Keep the wording of the records intact as you retype them, and omit every image.
DATA TO PROCESS Block Start
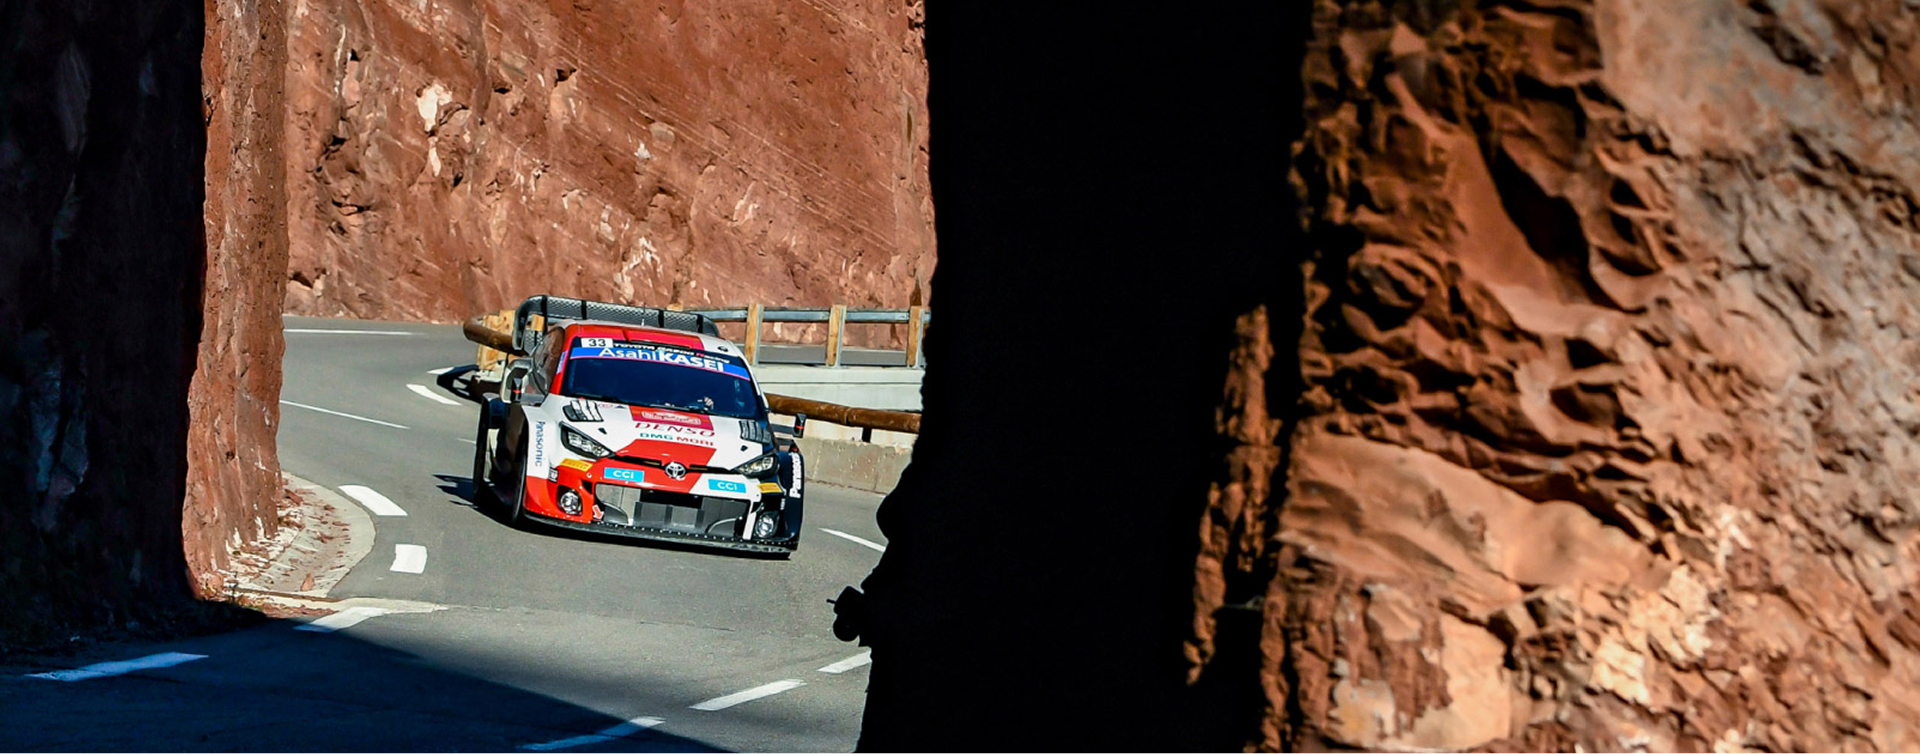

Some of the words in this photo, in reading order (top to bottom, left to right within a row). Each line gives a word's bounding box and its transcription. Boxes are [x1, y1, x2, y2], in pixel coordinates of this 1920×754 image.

[588, 339, 607, 347] 33
[613, 342, 655, 351] TOYOTA
[635, 422, 716, 437] DENSO
[640, 432, 674, 441] DMG
[676, 436, 715, 446] MORI
[613, 468, 635, 480] CCI
[717, 482, 738, 491] CCI
DATA TO PROCESS Block End
SOLUTION TO THIS PROBLEM:
Some of the words in this photo, in reading order (top to bottom, left to right within a row). Each line gives a word's bounding box and its transcription. Boxes are [x1, y1, x2, y2], in pixel coordinates of this 1920×754 image.

[588, 339, 607, 347] 33
[613, 342, 655, 351] TOYOTA
[635, 422, 716, 437] DENSO
[640, 432, 674, 441] DMG
[676, 436, 715, 446] MORI
[613, 468, 635, 480] CCI
[717, 482, 738, 491] CCI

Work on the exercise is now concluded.